• _WHAT TO PRODUCE_: From top to bottom, print the listing word for word and skip any pictures it contains.

• _DATA TO EXAMINE_:
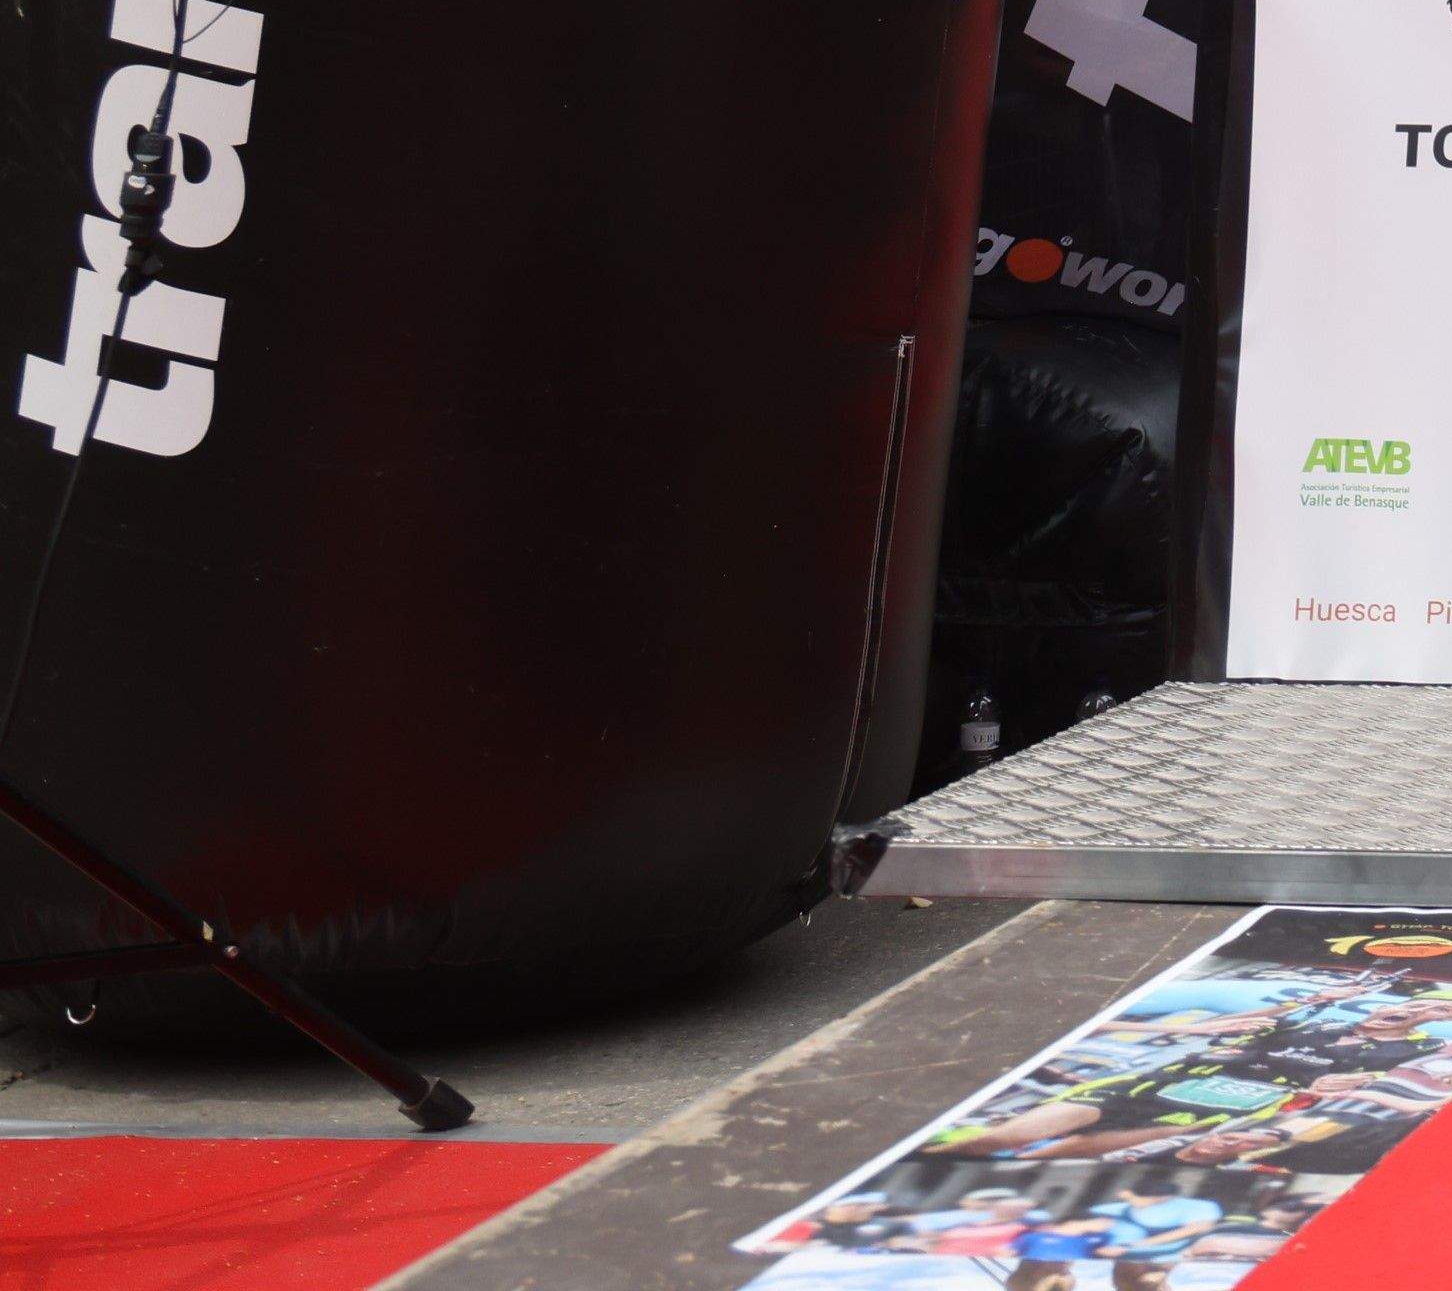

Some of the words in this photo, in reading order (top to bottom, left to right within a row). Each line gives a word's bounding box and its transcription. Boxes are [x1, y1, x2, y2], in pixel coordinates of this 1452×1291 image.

[1301, 438, 1412, 475] ATEVB
[1301, 494, 1329, 507] Valle
[1333, 494, 1350, 507] de
[1354, 495, 1409, 511] Benasque
[1294, 598, 1397, 623] Huesca
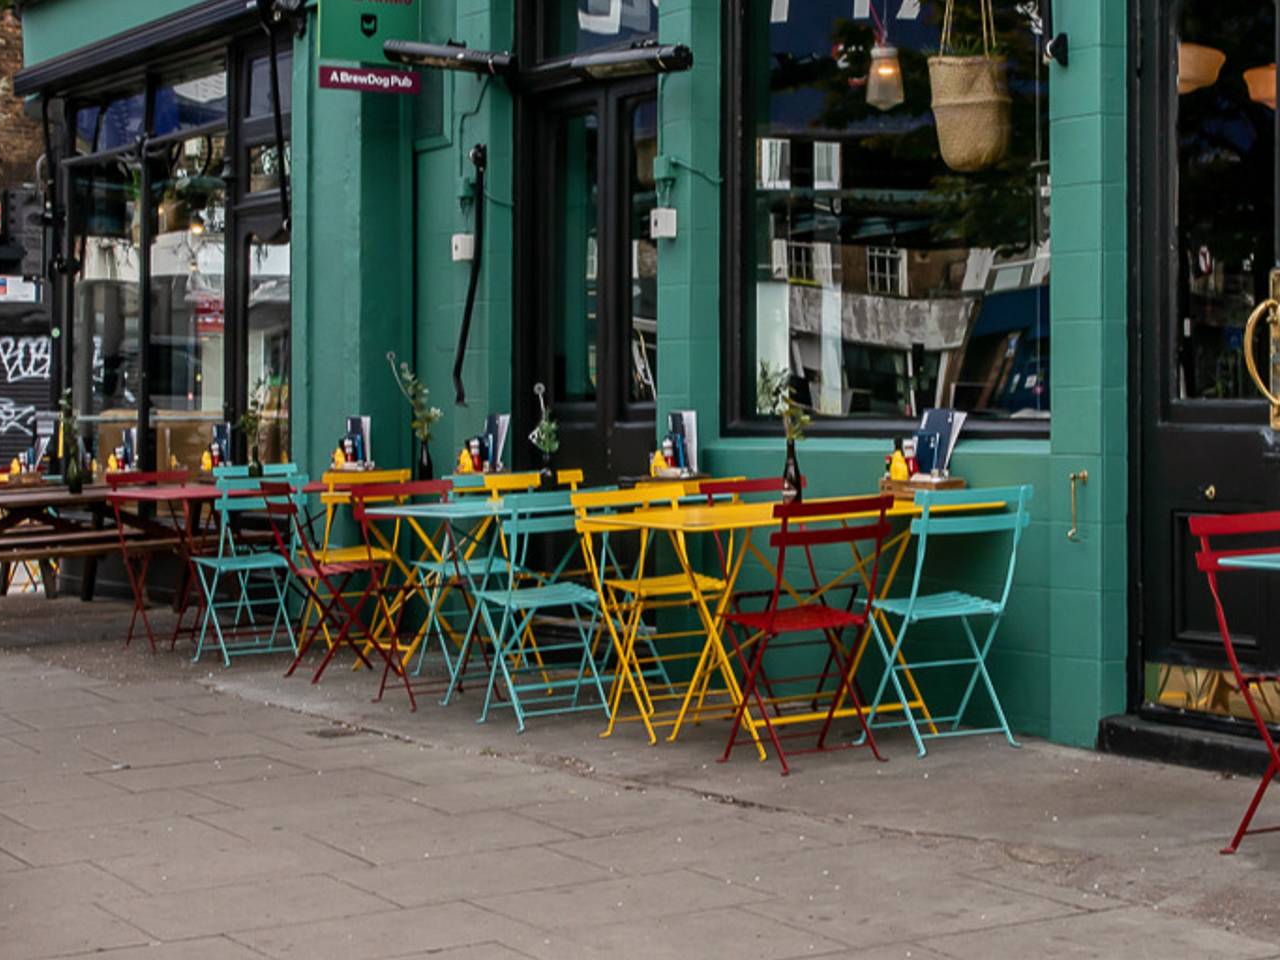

• _TASK OUTPUT_:
Some of the words in this photo, in reading order (top to bottom, left to right within a row). Each line gives a word's bounding box and its transcription. Boxes are [x1, y1, x2, y2], in pixel coordinates of this 1452×1291 image.

[1301, 438, 1412, 475] ATEVB
[1301, 494, 1329, 507] Valle
[1333, 494, 1350, 507] de
[1354, 495, 1409, 511] Benasque
[1294, 598, 1397, 623] Huesca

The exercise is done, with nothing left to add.